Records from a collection
————
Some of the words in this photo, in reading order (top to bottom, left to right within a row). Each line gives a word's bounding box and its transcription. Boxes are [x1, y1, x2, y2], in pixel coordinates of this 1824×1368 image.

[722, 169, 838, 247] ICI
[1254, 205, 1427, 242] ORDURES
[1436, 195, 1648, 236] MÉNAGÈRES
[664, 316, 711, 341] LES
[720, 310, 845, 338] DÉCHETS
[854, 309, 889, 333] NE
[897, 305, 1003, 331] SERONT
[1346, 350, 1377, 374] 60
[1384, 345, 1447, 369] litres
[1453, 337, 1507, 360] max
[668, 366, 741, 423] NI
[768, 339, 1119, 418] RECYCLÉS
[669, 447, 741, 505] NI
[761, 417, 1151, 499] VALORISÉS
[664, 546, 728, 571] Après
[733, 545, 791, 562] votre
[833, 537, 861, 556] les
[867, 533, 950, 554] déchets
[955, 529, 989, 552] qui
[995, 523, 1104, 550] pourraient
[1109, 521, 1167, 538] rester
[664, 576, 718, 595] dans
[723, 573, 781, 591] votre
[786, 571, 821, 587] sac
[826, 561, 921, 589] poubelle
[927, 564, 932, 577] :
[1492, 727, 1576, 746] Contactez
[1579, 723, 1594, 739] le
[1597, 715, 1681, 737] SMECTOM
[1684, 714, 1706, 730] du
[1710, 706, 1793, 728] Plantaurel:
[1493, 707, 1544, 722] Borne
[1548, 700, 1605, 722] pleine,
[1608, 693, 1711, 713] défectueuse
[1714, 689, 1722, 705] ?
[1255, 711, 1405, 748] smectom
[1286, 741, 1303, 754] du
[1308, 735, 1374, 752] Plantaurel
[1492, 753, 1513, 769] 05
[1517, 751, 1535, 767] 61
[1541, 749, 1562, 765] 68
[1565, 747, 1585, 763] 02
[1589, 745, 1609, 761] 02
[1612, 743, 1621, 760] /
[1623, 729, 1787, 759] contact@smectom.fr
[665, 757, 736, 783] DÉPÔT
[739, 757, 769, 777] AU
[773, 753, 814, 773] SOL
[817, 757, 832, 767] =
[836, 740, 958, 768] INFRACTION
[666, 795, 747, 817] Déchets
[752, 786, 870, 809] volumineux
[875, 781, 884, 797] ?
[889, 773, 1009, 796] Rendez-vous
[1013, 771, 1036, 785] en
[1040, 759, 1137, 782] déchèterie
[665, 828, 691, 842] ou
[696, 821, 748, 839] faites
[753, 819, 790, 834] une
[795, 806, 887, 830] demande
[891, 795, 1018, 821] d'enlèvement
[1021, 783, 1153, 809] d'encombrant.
————
*YOUR OBJECTIVE:* A faithful copy of every record is required; output it in full.

*PROBLEM SOLUTION:*
Some of the words in this photo, in reading order (top to bottom, left to right within a row). Each line gives a word's bounding box and its transcription. Boxes are [x1, y1, x2, y2], in pixel coordinates of this 1824×1368 image.

[722, 169, 838, 247] ICI
[1254, 205, 1427, 242] ORDURES
[1436, 195, 1648, 236] MÉNAGÈRES
[664, 316, 711, 341] LES
[720, 310, 845, 338] DÉCHETS
[854, 309, 889, 333] NE
[897, 305, 1003, 331] SERONT
[1346, 350, 1377, 374] 60
[1384, 345, 1447, 369] litres
[1453, 337, 1507, 360] max
[668, 366, 741, 423] NI
[768, 339, 1119, 418] RECYCLÉS
[669, 447, 741, 505] NI
[761, 417, 1151, 499] VALORISÉS
[664, 546, 728, 571] Après
[733, 545, 791, 562] votre
[833, 537, 861, 556] les
[867, 533, 950, 554] déchets
[955, 529, 989, 552] qui
[995, 523, 1104, 550] pourraient
[1109, 521, 1167, 538] rester
[664, 576, 718, 595] dans
[723, 573, 781, 591] votre
[786, 571, 821, 587] sac
[826, 561, 921, 589] poubelle
[927, 564, 932, 577] :
[1492, 727, 1576, 746] Contactez
[1579, 723, 1594, 739] le
[1597, 715, 1681, 737] SMECTOM
[1684, 714, 1706, 730] du
[1710, 706, 1793, 728] Plantaurel:
[1493, 707, 1544, 722] Borne
[1548, 700, 1605, 722] pleine,
[1608, 693, 1711, 713] défectueuse
[1714, 689, 1722, 705] ?
[1255, 711, 1405, 748] smectom
[1286, 741, 1303, 754] du
[1308, 735, 1374, 752] Plantaurel
[1492, 753, 1513, 769] 05
[1517, 751, 1535, 767] 61
[1541, 749, 1562, 765] 68
[1565, 747, 1585, 763] 02
[1589, 745, 1609, 761] 02
[1612, 743, 1621, 760] /
[1623, 729, 1787, 759] contact@smectom.fr
[665, 757, 736, 783] DÉPÔT
[739, 757, 769, 777] AU
[773, 753, 814, 773] SOL
[817, 757, 832, 767] =
[836, 740, 958, 768] INFRACTION
[666, 795, 747, 817] Déchets
[752, 786, 870, 809] volumineux
[875, 781, 884, 797] ?
[889, 773, 1009, 796] Rendez-vous
[1013, 771, 1036, 785] en
[1040, 759, 1137, 782] déchèterie
[665, 828, 691, 842] ou
[696, 821, 748, 839] faites
[753, 819, 790, 834] une
[795, 806, 887, 830] demande
[891, 795, 1018, 821] d'enlèvement
[1021, 783, 1153, 809] d'encombrant.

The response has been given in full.